ACRES

Digital Gender – Inclusive Tools for Evidence Use

Digital Gender – Inclusive Tools for Evidence Use

Digital Gender - Inclusive Tools For Evidence Use

In the high-pressure world of global health and gender equality, policymakers often find themselves at a frustrating crossroads. On one hand, they can rely on the gold-standard systematic evidence provided by institutions like ACRES. It’s a process they trust deeply, but it is manual and time-consuming, often taking weeks to deliver; time that a rapidly closing policy window simply doesn’t allow.

On the other hand, the lure of instant answers from public AI tools like ChatGPT is strong, yet these platforms are fraught with hallucinations and outdated data that make them risky for high-stakes decision-making.

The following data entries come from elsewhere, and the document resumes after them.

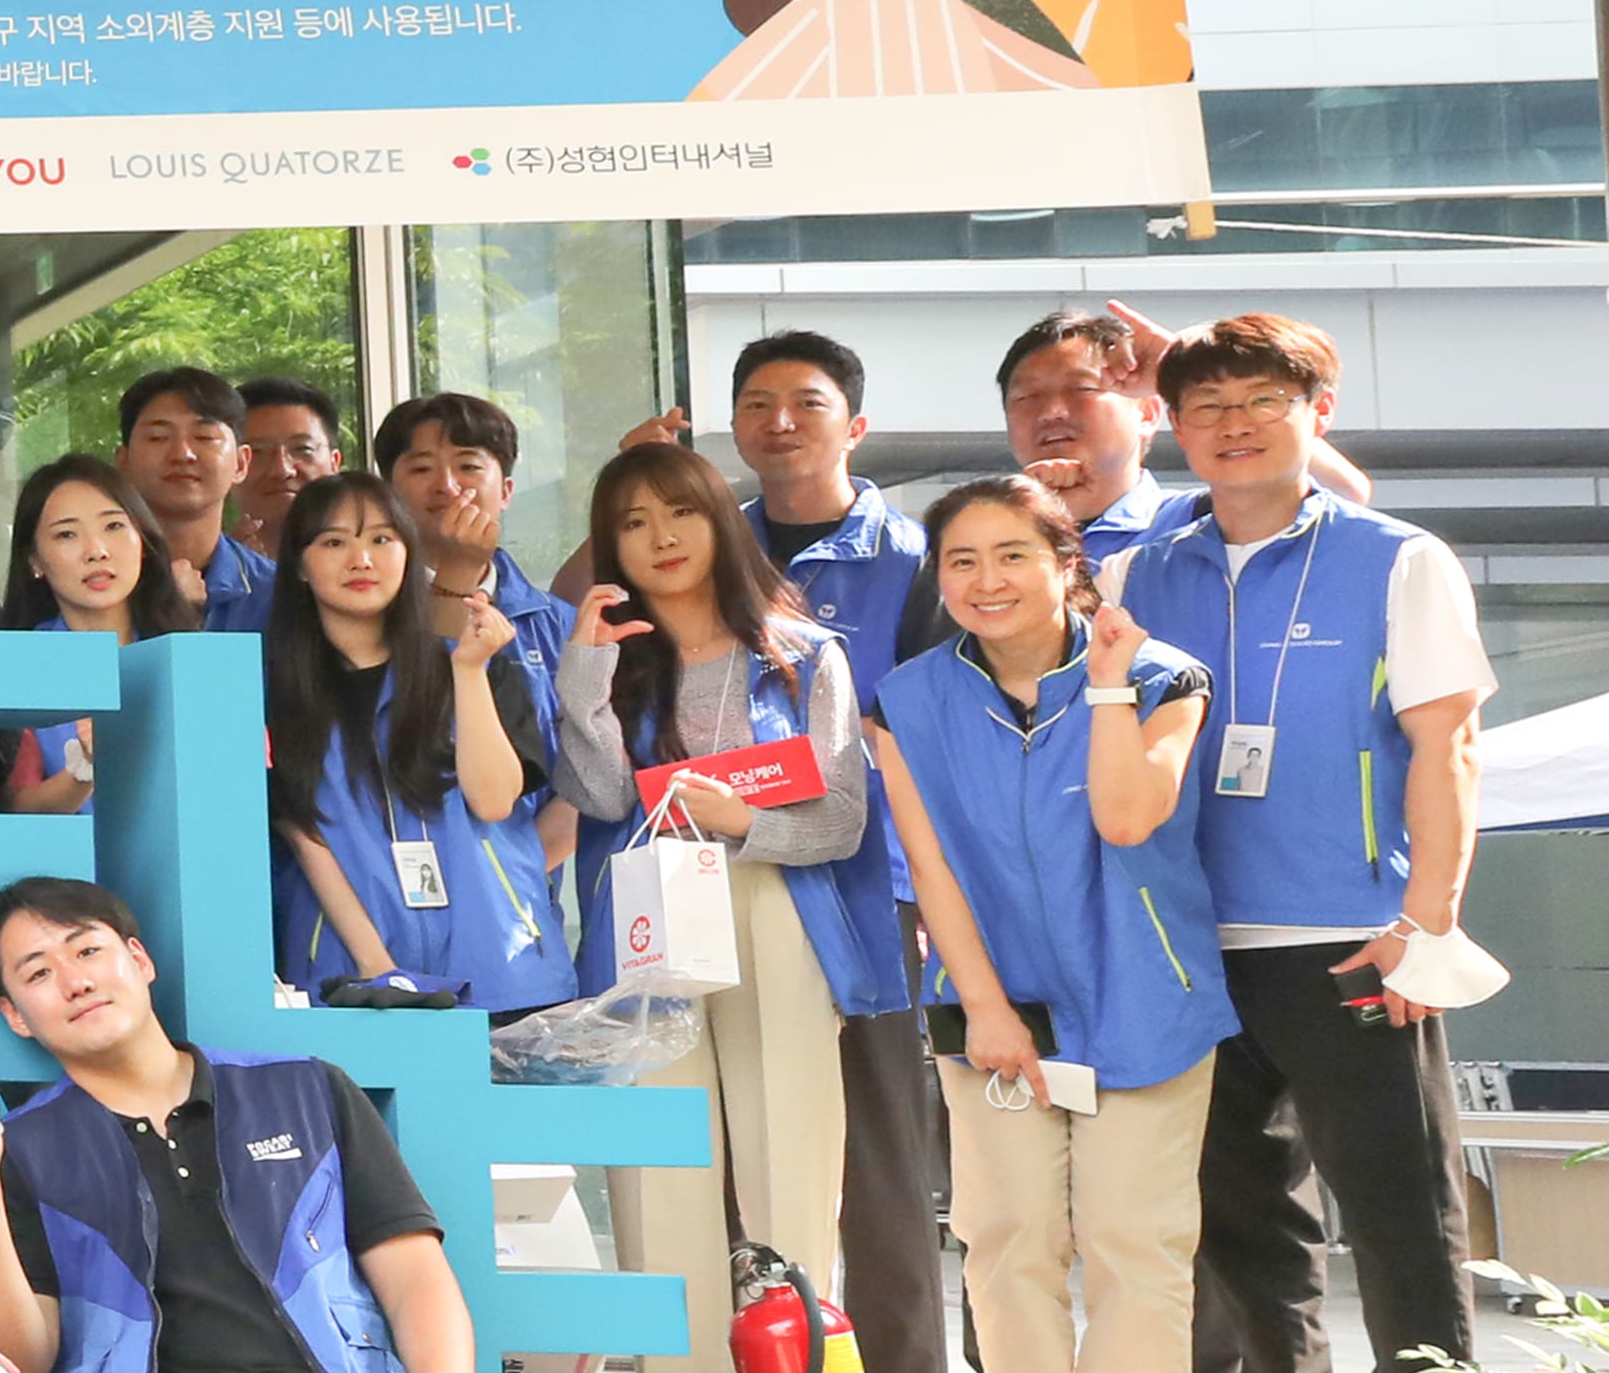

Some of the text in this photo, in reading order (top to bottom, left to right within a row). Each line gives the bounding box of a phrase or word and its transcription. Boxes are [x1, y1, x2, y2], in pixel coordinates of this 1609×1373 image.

[27, 14, 85, 44] 지역
[97, 11, 215, 41] 소외계층
[225, 9, 283, 39] 지원
[294, 7, 353, 38] 등에
[364, 3, 521, 36] 사용됩니다.
[111, 150, 403, 183] LOUIS QUATORZE
[507, 144, 771, 172] (주)성현인터내셔널
[729, 763, 784, 786] 모닝케어
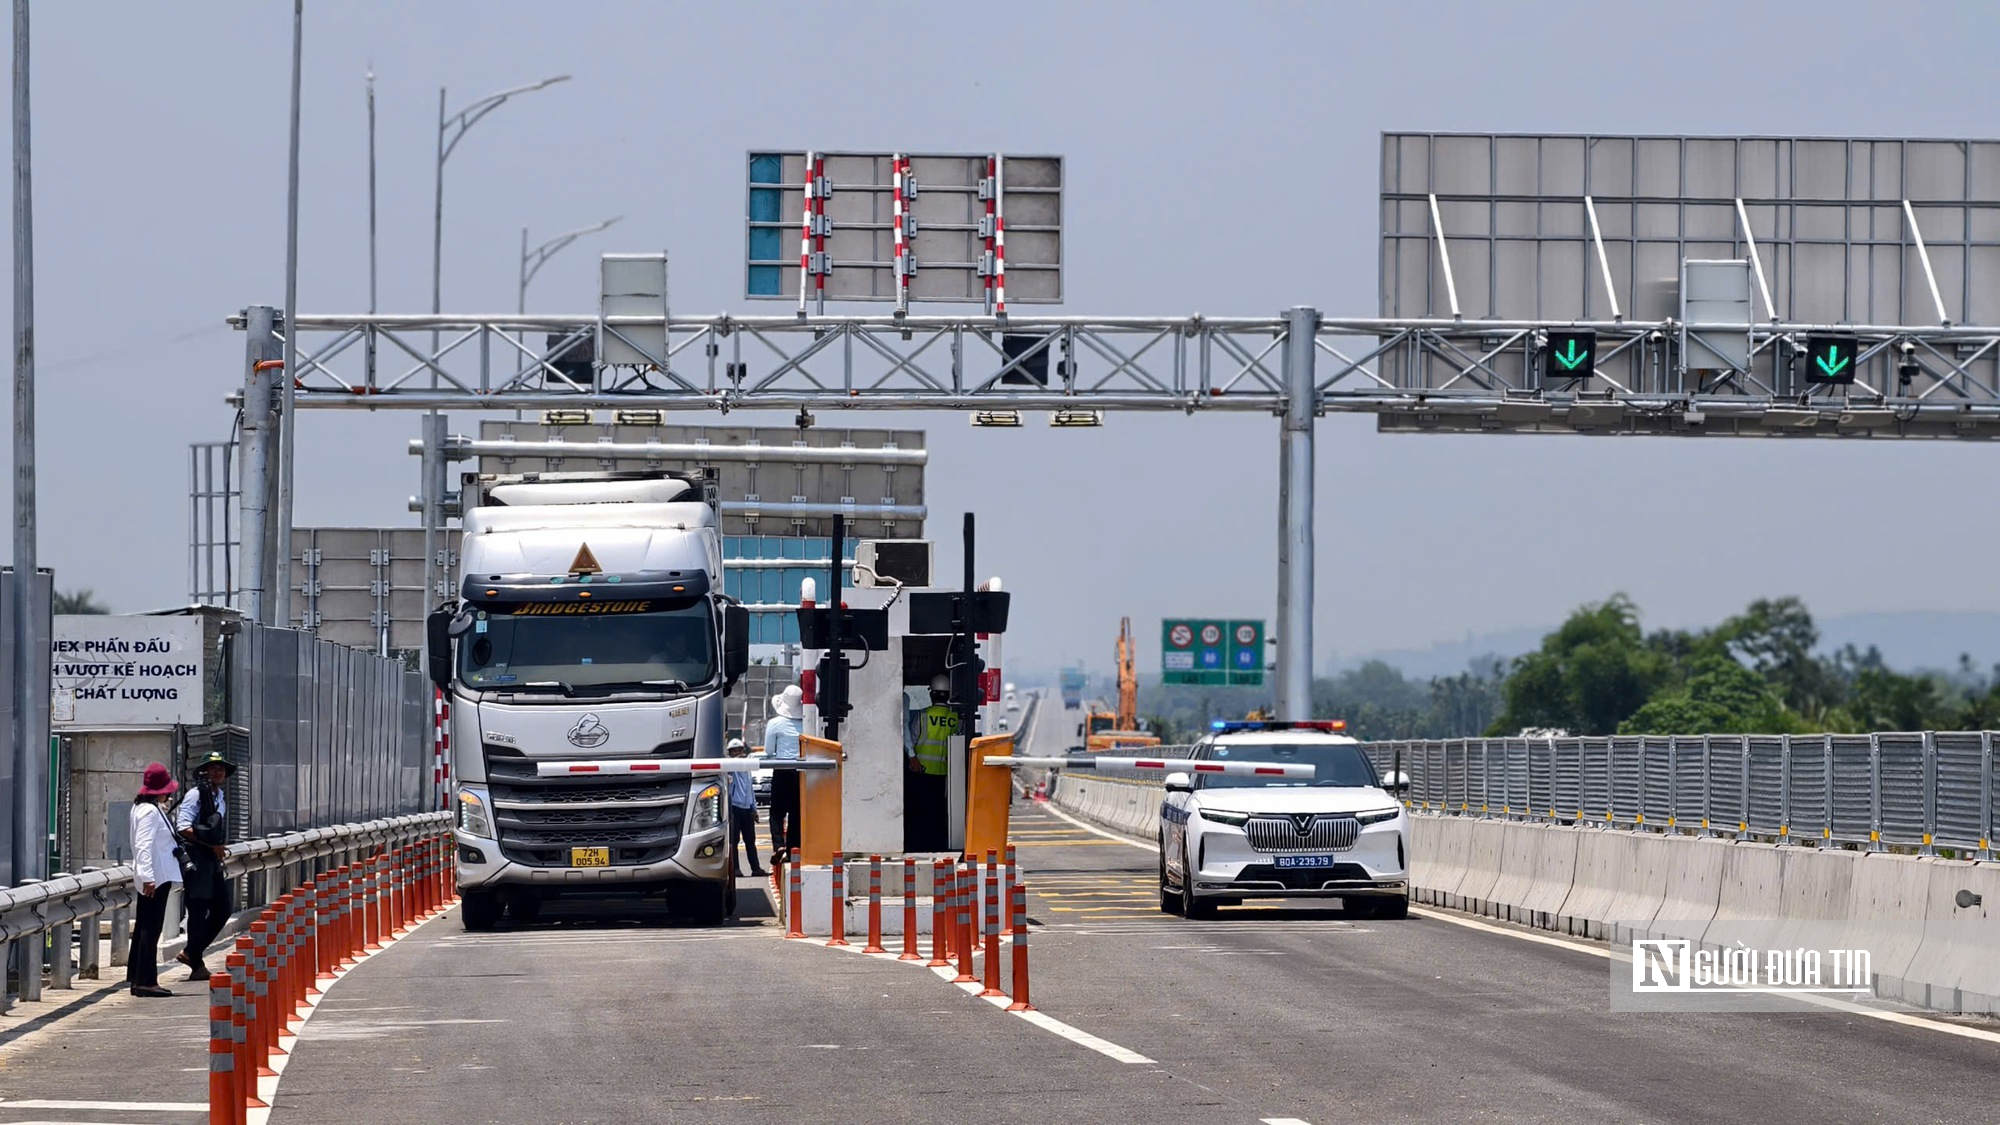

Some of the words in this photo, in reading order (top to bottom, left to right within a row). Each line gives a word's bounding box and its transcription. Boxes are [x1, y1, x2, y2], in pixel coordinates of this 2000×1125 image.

[512, 600, 651, 615] BRIDGESTONE
[85, 637, 129, 652] PHẤN
[133, 637, 170, 652] ĐẤU
[65, 664, 109, 678] VƯỢT
[114, 661, 136, 676] KẾ
[140, 665, 196, 678] HOẠCH
[75, 684, 117, 699] CHẤT
[122, 688, 177, 701] LƯỢNG
[929, 715, 957, 728] VEC
[582, 849, 599, 857] 72H
[576, 858, 605, 866] 005.94
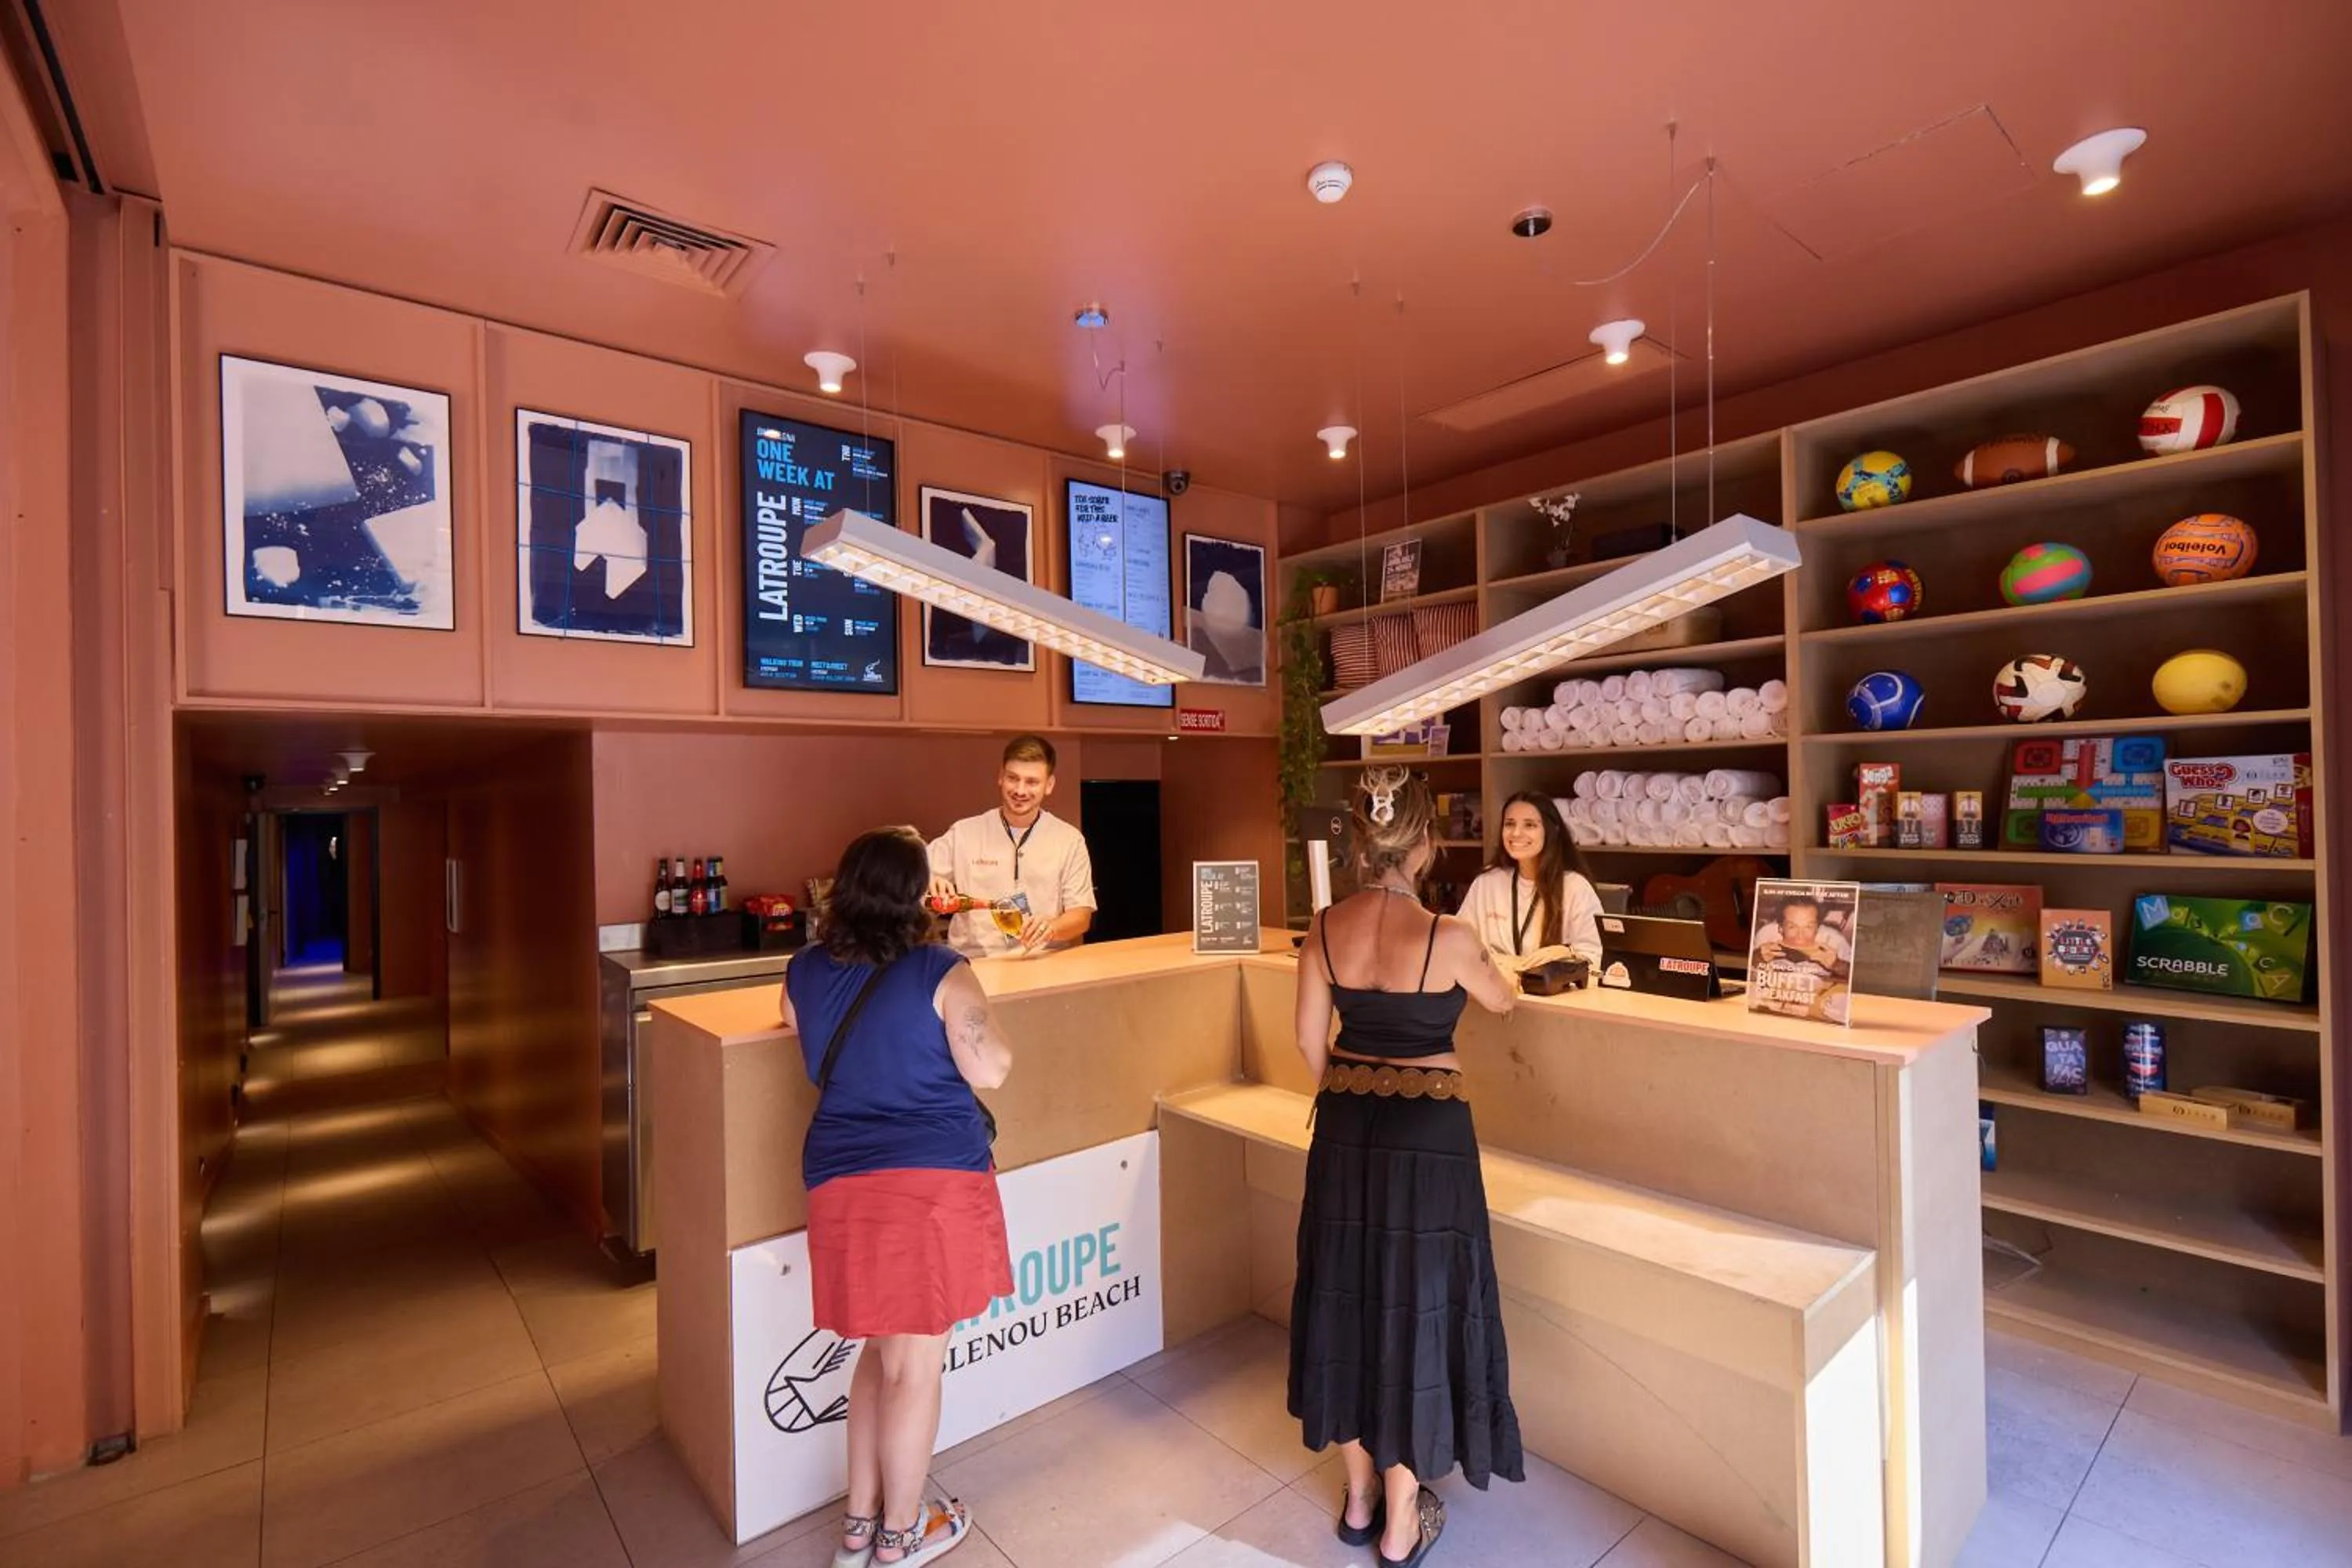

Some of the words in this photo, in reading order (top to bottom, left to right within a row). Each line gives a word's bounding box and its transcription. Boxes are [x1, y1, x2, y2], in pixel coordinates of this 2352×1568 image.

[757, 438, 794, 463] ONE
[757, 459, 809, 487] WEEK
[813, 470, 835, 491] AT
[757, 491, 788, 622] LATROUPE
[2164, 541, 2227, 555] Voleibol
[1200, 880, 1214, 934] LATROUPE
[1661, 959, 1708, 971] LATROUPE
[2136, 956, 2229, 977] SCRABBLE
[1757, 970, 1815, 992] BUFFET
[941, 1312, 1048, 1373] LENOU
[1056, 1275, 1142, 1330] BEACH

The Digital Gender Inclusive Tools for Evidence Use (DG-Tools) project was born from a realisation that the problem isn’t a lack of evidence, but a broken supply chain. To fix it, we combined the rigorous standards of African research with the processing power of artificial intelligence. We set out to build digital tools capable of doing in minutes what traditionally took a full research team weeks to accomplish.

This journey was a continental response that brought together a unique blend of expertise. Supported by the Bill & Melinda Gates Foundation, the project united ACRES’ expertise in evidence synthesis and rapid response services, the technical prowess in building artificial intelligence of Sunbird AI in Uganda, the public health insights of the Ethiopian Public Health Institute (EPHI) and the evidence-use experience of the Pan African Collective for Evidence (PACE) in South Africa. This partnership ensured that the tools were co-created by evidence experts, technologists and end-users; the very people who understand the complexities of African policy contexts.

The results of this collaboration have moved beyond theory into tangible assets that are already reshaping the EIDM landscape. We developed The Living EIDM ToolMap, an open-access resource that curates and maps the digital software ecosystem to help researchers avoid duplicating efforts, save time, and accelerate informed tool selection. More importantly, we proved the technical feasibility of autonomous synthesis through the ACRES DataExtractor, Dr-RES and the cRhona platform. These tools use Retrieval-Augmented Generation (RAG) to ensure every AI-generated answer is grounded in verifiable, scholarly databases, directly solving the trust gap inherent in public AI.

Ultimately, DG-Tools has redefined what rapid means in the context of evidence synthesis. By moving timelines from weeks to near-instantaneous responses, we are ensuring that the most vulnerable; and the gender-inclusive data often overlooked, are represented in policy decisions.

This project stands as a validation that AI, when harnessed responsibly, can be a powerful equalizer in the quest for timely, effective, and equitable governance.